_About this task_
A faithful, complete copy of the entries below is required, with images removed.

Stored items

*** Begin section ***

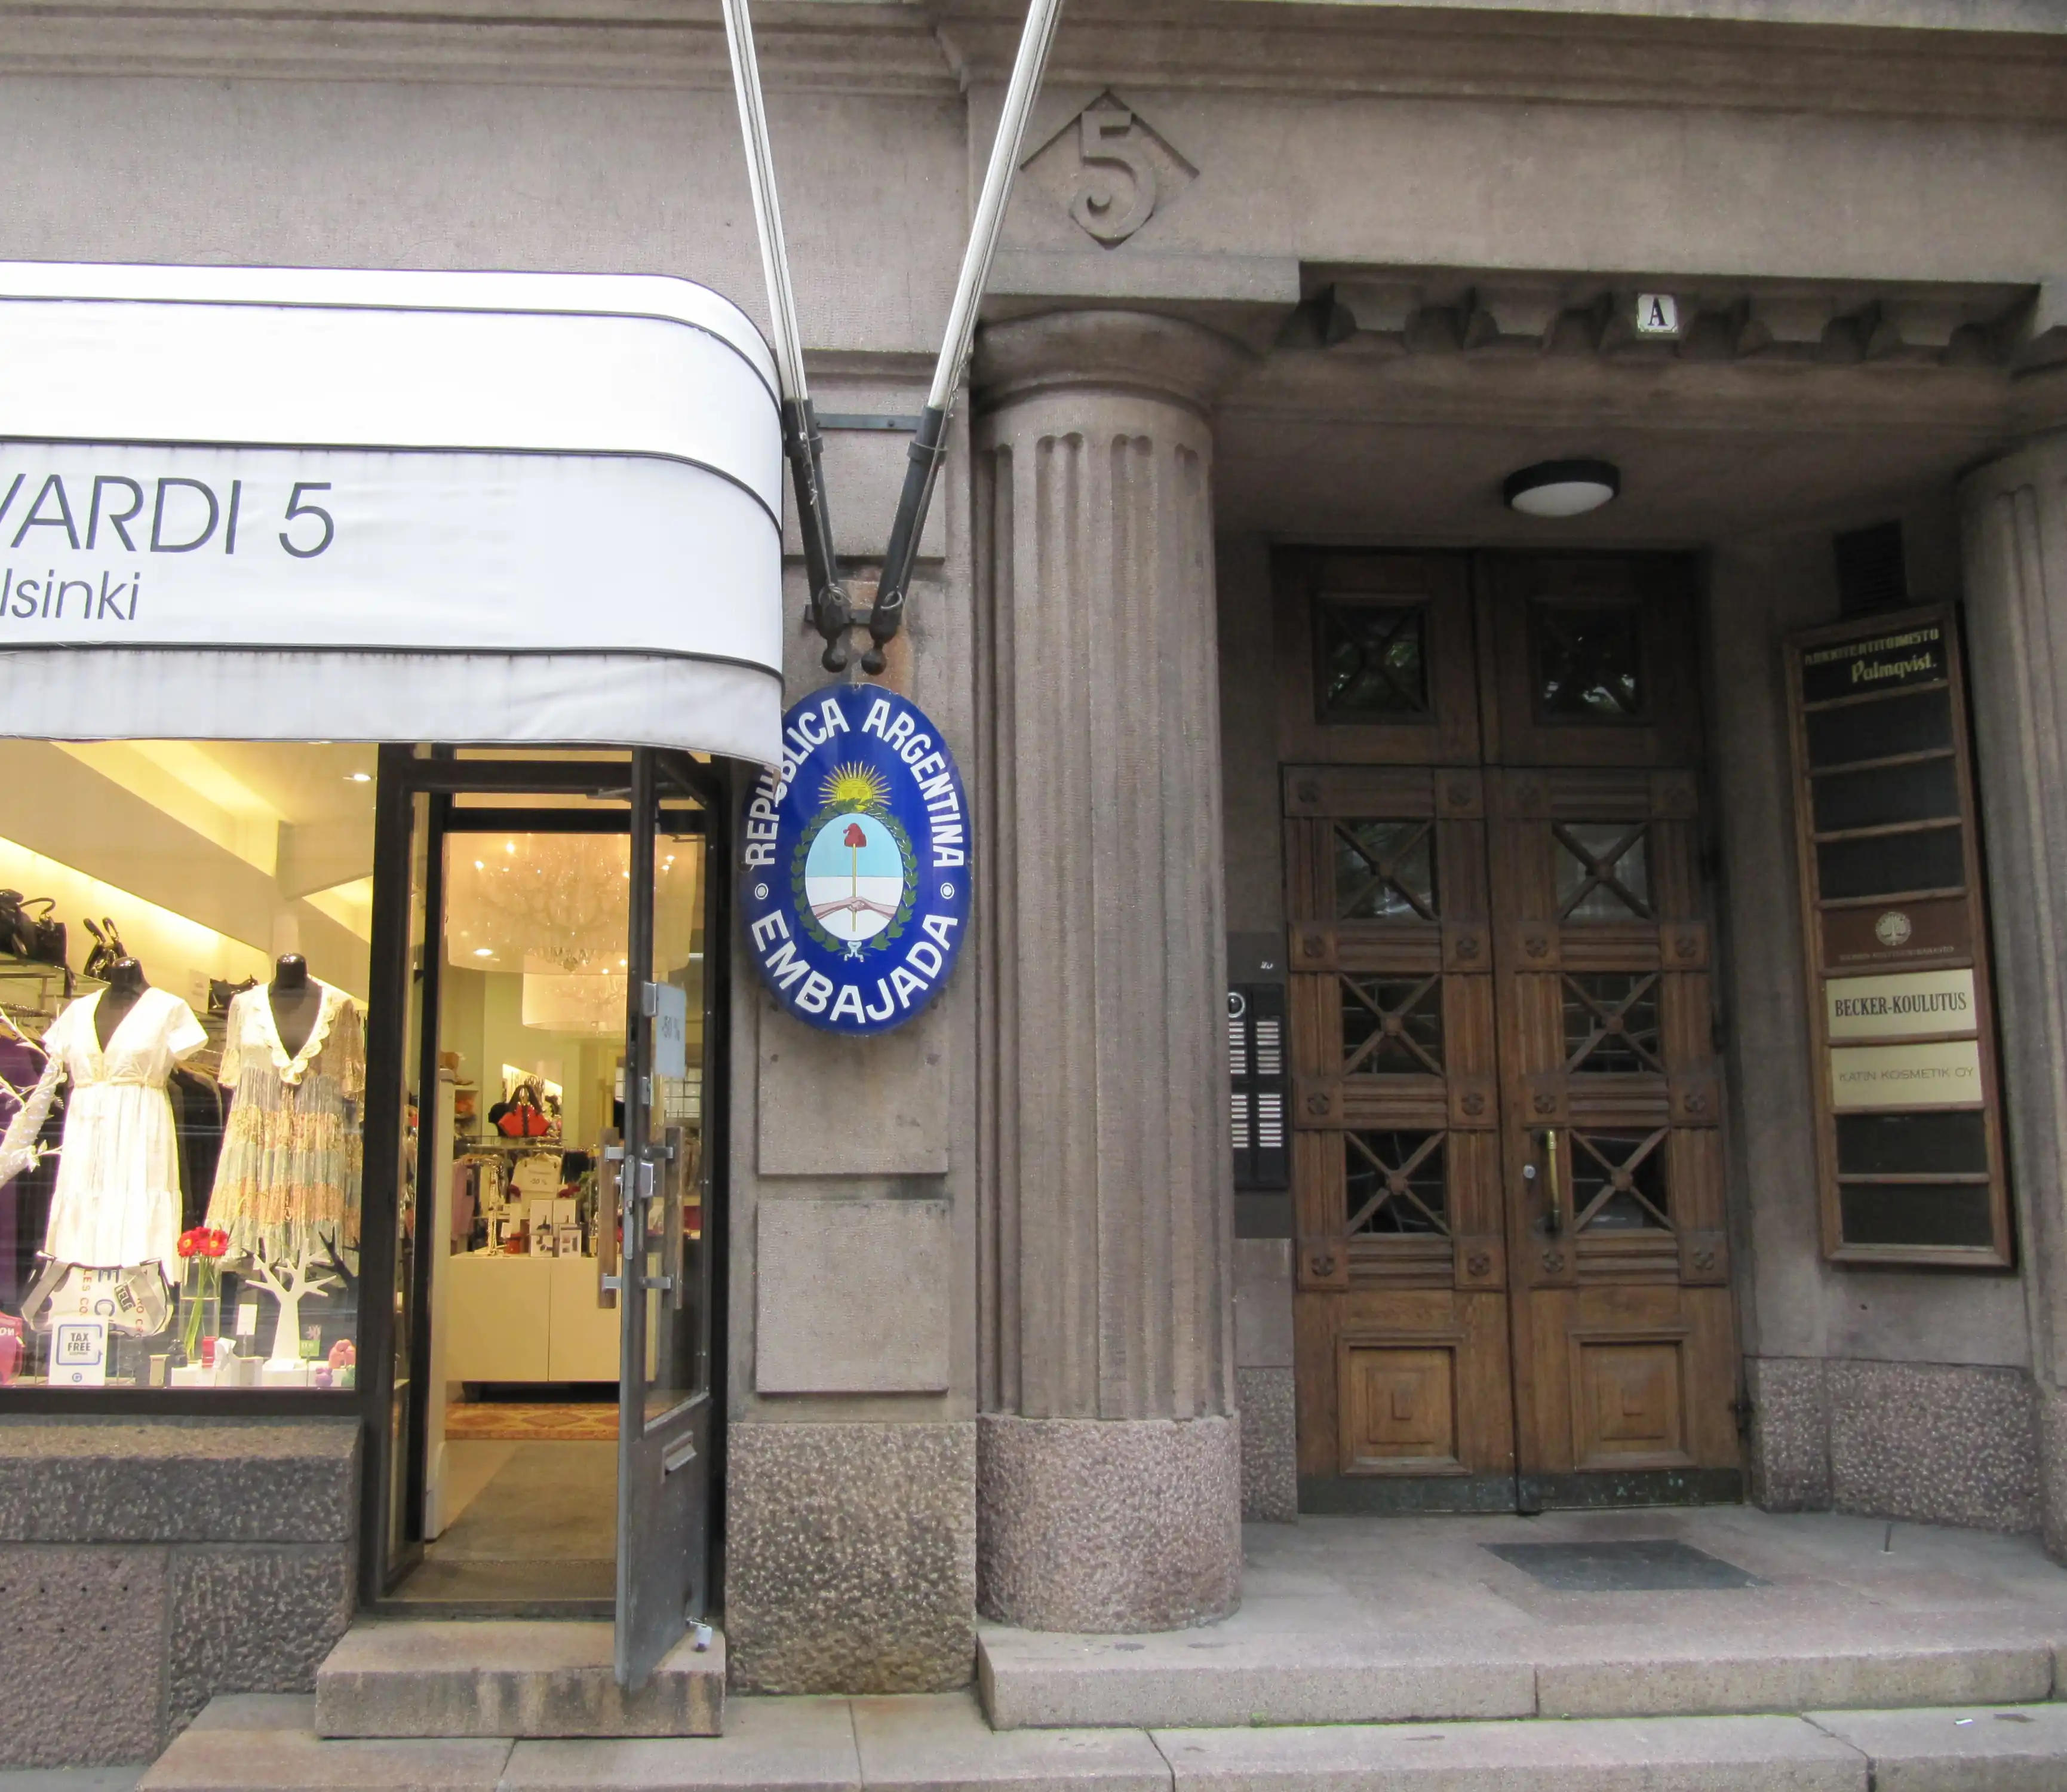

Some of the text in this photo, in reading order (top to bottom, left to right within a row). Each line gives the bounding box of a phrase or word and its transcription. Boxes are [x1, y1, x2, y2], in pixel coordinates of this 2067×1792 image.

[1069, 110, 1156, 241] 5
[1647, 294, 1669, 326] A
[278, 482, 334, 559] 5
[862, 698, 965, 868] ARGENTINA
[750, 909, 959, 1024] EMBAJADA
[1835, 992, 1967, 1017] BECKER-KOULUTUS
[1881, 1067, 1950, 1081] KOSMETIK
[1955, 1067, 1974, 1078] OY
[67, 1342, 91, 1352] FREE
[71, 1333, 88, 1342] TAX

*** End section ***

_Result of the exercise_
Some of the text in this photo, in reading order (top to bottom, left to right within a row). Each line gives the bounding box of a phrase or word and its transcription. Boxes are [x1, y1, x2, y2], in pixel coordinates of this 2067×1792 image.

[1069, 110, 1156, 241] 5
[1647, 294, 1669, 326] A
[278, 482, 334, 559] 5
[862, 698, 965, 868] ARGENTINA
[750, 909, 959, 1024] EMBAJADA
[1835, 992, 1967, 1017] BECKER-KOULUTUS
[1881, 1067, 1950, 1081] KOSMETIK
[1955, 1067, 1974, 1078] OY
[67, 1342, 91, 1352] FREE
[71, 1333, 88, 1342] TAX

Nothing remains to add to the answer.